Data extracted from a collection
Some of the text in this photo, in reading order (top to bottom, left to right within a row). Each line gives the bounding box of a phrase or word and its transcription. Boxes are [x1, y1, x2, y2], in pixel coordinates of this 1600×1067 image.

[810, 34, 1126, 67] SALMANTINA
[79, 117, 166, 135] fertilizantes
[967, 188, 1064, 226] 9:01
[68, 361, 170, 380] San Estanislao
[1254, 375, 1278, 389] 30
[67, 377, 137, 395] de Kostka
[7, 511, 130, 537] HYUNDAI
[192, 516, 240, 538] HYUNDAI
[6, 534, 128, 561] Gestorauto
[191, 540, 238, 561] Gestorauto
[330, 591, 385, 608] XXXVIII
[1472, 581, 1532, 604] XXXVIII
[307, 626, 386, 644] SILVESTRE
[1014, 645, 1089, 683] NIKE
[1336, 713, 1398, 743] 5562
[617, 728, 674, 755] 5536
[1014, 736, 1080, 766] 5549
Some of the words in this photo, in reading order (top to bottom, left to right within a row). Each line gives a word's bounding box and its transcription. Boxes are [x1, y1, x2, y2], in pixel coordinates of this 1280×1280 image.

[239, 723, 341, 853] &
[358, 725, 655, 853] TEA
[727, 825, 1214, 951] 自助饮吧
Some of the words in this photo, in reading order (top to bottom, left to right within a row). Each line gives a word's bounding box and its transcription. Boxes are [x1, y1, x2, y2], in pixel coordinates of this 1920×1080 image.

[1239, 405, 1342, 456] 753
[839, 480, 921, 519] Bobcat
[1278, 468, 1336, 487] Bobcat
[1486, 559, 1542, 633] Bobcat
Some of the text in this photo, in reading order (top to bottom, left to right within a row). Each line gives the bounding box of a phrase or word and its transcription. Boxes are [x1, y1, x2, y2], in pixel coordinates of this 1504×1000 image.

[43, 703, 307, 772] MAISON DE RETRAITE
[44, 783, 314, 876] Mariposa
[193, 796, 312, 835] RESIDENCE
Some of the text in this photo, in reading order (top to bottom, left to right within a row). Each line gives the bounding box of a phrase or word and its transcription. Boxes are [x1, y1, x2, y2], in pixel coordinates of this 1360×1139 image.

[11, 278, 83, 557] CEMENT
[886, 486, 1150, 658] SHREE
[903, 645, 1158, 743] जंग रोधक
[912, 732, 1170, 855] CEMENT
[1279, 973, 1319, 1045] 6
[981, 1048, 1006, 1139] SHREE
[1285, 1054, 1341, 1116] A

Try it >> Having read the entries, output all of them verbatim.

Answer space >>
Some of the text in this photo, in reading order (top to bottom, left to right within a row). Each line gives the bounding box of a phrase or word and its transcription. Boxes are [x1, y1, x2, y2], in pixel coordinates of this 1600×1067 image.

[810, 34, 1126, 67] SALMANTINA
[79, 117, 166, 135] fertilizantes
[967, 188, 1064, 226] 9:01
[68, 361, 170, 380] San Estanislao
[1254, 375, 1278, 389] 30
[67, 377, 137, 395] de Kostka
[7, 511, 130, 537] HYUNDAI
[192, 516, 240, 538] HYUNDAI
[6, 534, 128, 561] Gestorauto
[191, 540, 238, 561] Gestorauto
[330, 591, 385, 608] XXXVIII
[1472, 581, 1532, 604] XXXVIII
[307, 626, 386, 644] SILVESTRE
[1014, 645, 1089, 683] NIKE
[1336, 713, 1398, 743] 5562
[617, 728, 674, 755] 5536
[1014, 736, 1080, 766] 5549
Some of the words in this photo, in reading order (top to bottom, left to right within a row). Each line gives a word's bounding box and its transcription. Boxes are [x1, y1, x2, y2], in pixel coordinates of this 1280×1280 image.

[239, 723, 341, 853] &
[358, 725, 655, 853] TEA
[727, 825, 1214, 951] 自助饮吧
Some of the words in this photo, in reading order (top to bottom, left to right within a row). Each line gives a word's bounding box and its transcription. Boxes are [x1, y1, x2, y2], in pixel coordinates of this 1920×1080 image.

[1239, 405, 1342, 456] 753
[839, 480, 921, 519] Bobcat
[1278, 468, 1336, 487] Bobcat
[1486, 559, 1542, 633] Bobcat
Some of the text in this photo, in reading order (top to bottom, left to right within a row). Each line gives the bounding box of a phrase or word and its transcription. Boxes are [x1, y1, x2, y2], in pixel coordinates of this 1504×1000 image.

[43, 703, 307, 772] MAISON DE RETRAITE
[44, 783, 314, 876] Mariposa
[193, 796, 312, 835] RESIDENCE
Some of the text in this photo, in reading order (top to bottom, left to right within a row). Each line gives the bounding box of a phrase or word and its transcription. Boxes are [x1, y1, x2, y2], in pixel coordinates of this 1360×1139 image.

[11, 278, 83, 557] CEMENT
[886, 486, 1150, 658] SHREE
[903, 645, 1158, 743] जंग रोधक
[912, 732, 1170, 855] CEMENT
[1279, 973, 1319, 1045] 6
[981, 1048, 1006, 1139] SHREE
[1285, 1054, 1341, 1116] A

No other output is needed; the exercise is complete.